_Dataset extract_:
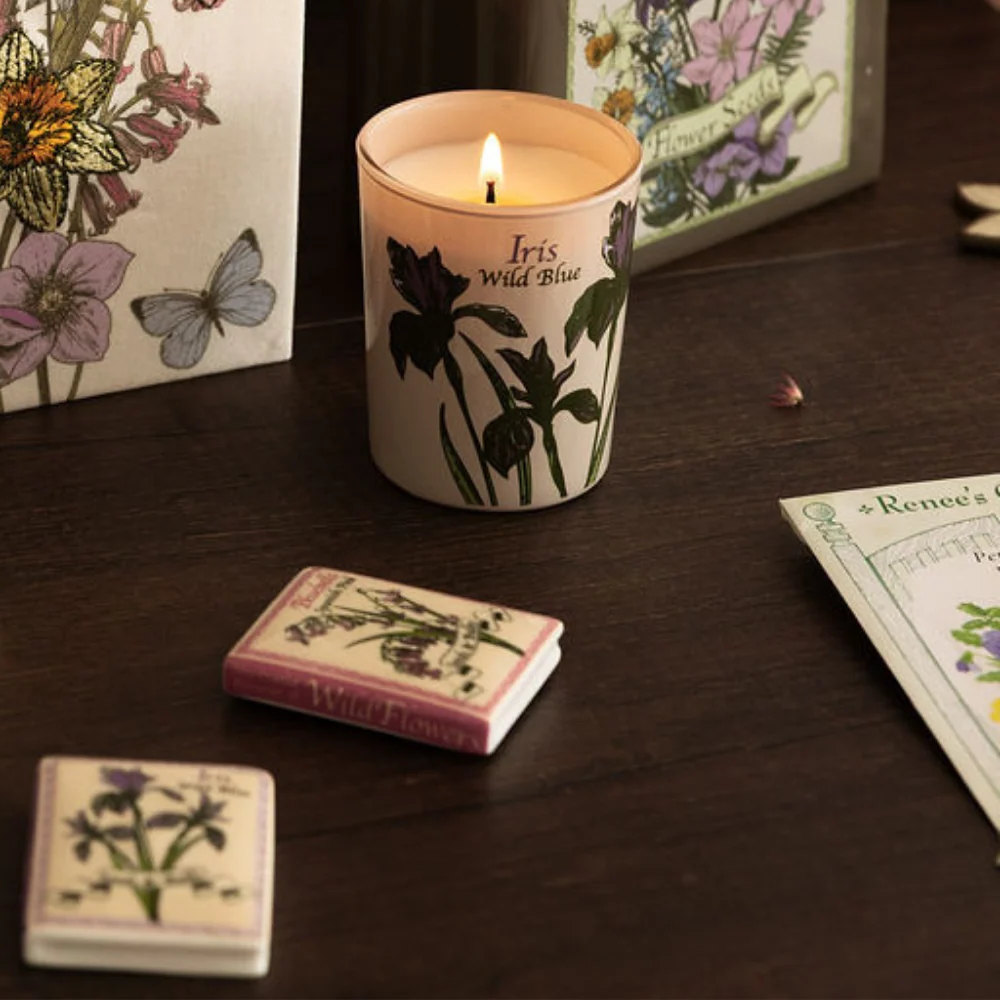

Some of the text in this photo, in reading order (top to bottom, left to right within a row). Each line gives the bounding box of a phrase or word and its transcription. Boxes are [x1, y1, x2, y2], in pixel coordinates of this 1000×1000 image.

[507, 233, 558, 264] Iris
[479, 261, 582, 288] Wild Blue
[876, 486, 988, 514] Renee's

---

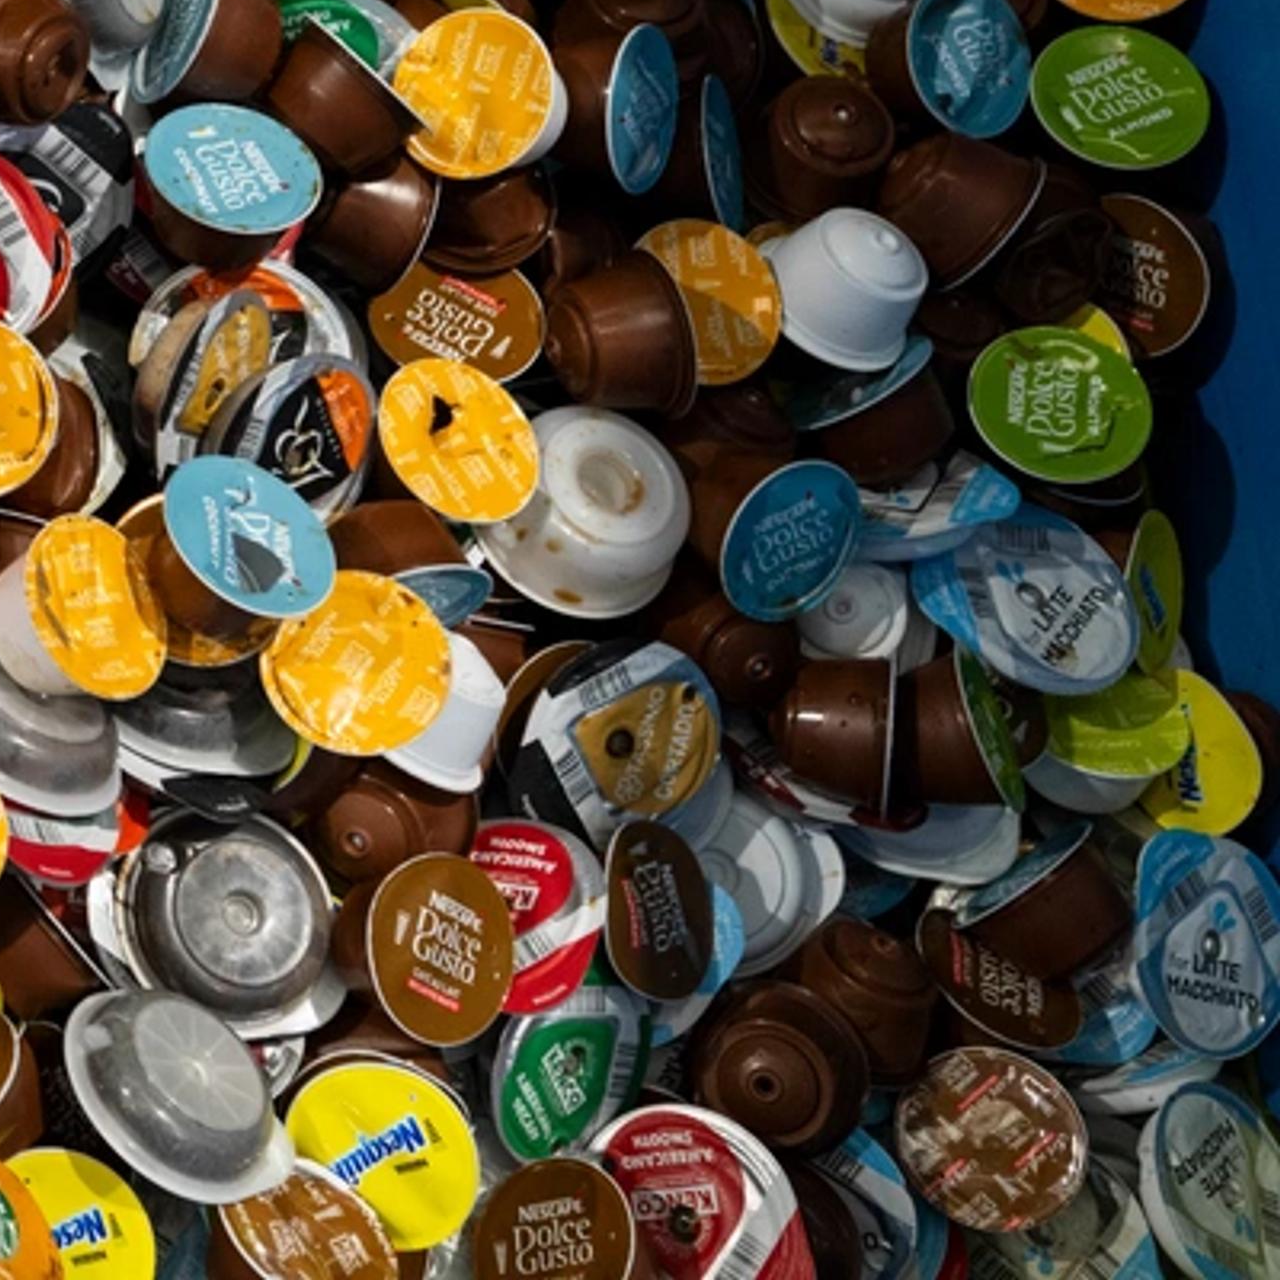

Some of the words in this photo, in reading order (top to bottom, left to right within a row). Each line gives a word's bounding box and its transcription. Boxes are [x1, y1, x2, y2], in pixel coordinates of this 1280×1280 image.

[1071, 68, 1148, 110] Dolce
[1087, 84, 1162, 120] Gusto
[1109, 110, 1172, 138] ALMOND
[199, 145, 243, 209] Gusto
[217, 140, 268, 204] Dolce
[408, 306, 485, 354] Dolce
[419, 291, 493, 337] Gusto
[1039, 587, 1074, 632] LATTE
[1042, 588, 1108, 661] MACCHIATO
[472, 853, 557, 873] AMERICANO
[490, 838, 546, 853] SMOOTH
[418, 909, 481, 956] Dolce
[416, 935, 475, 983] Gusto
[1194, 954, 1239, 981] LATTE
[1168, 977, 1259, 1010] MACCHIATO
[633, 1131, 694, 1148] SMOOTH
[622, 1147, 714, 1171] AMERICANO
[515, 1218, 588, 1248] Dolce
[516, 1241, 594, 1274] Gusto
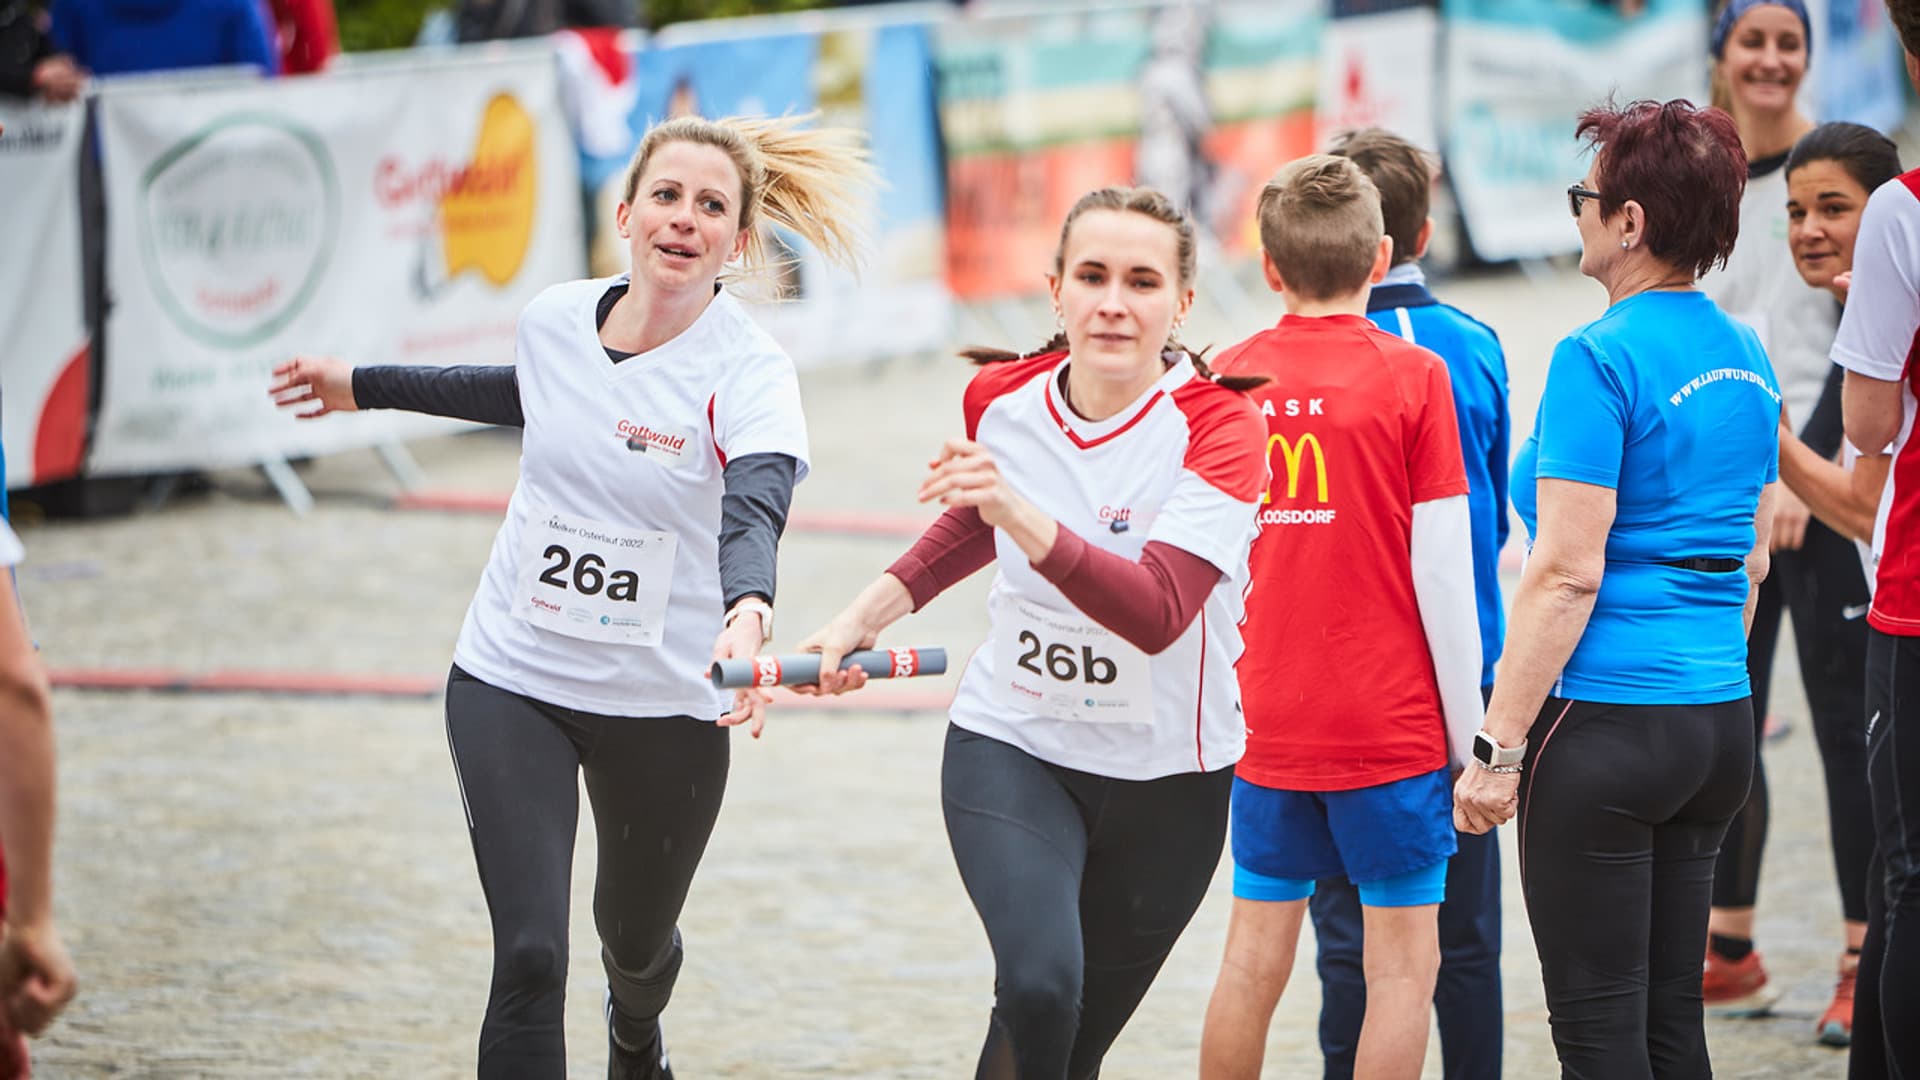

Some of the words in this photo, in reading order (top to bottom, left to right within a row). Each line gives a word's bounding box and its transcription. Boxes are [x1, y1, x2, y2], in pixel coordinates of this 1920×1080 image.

_Problem to solve_:
Of the lines above, quote exactly those from the one with "this 1280×1280 image." through the one with "this 1920×1080 image.", ends included; pictures stay out.

_Response_:
Some of the words in this photo, in reading order (top to bottom, left to right within a row). Each line gives a word's bounding box and its transcription. Boxes are [x1, y1, x2, y2], in pixel coordinates of this 1280×1280 image.

[1071, 68, 1148, 110] Dolce
[1087, 84, 1162, 120] Gusto
[1109, 110, 1172, 138] ALMOND
[199, 145, 243, 209] Gusto
[217, 140, 268, 204] Dolce
[408, 306, 485, 354] Dolce
[419, 291, 493, 337] Gusto
[1039, 587, 1074, 632] LATTE
[1042, 588, 1108, 661] MACCHIATO
[472, 853, 557, 873] AMERICANO
[490, 838, 546, 853] SMOOTH
[418, 909, 481, 956] Dolce
[416, 935, 475, 983] Gusto
[1194, 954, 1239, 981] LATTE
[1168, 977, 1259, 1010] MACCHIATO
[633, 1131, 694, 1148] SMOOTH
[622, 1147, 714, 1171] AMERICANO
[515, 1218, 588, 1248] Dolce
[516, 1241, 594, 1274] Gusto

Some of the words in this photo, in reading order (top to bottom, left to right within a row). Each line gives a word's bounding box and its transcription. Boxes are [x1, y1, x2, y2], in pixel coordinates of this 1920×1080 image.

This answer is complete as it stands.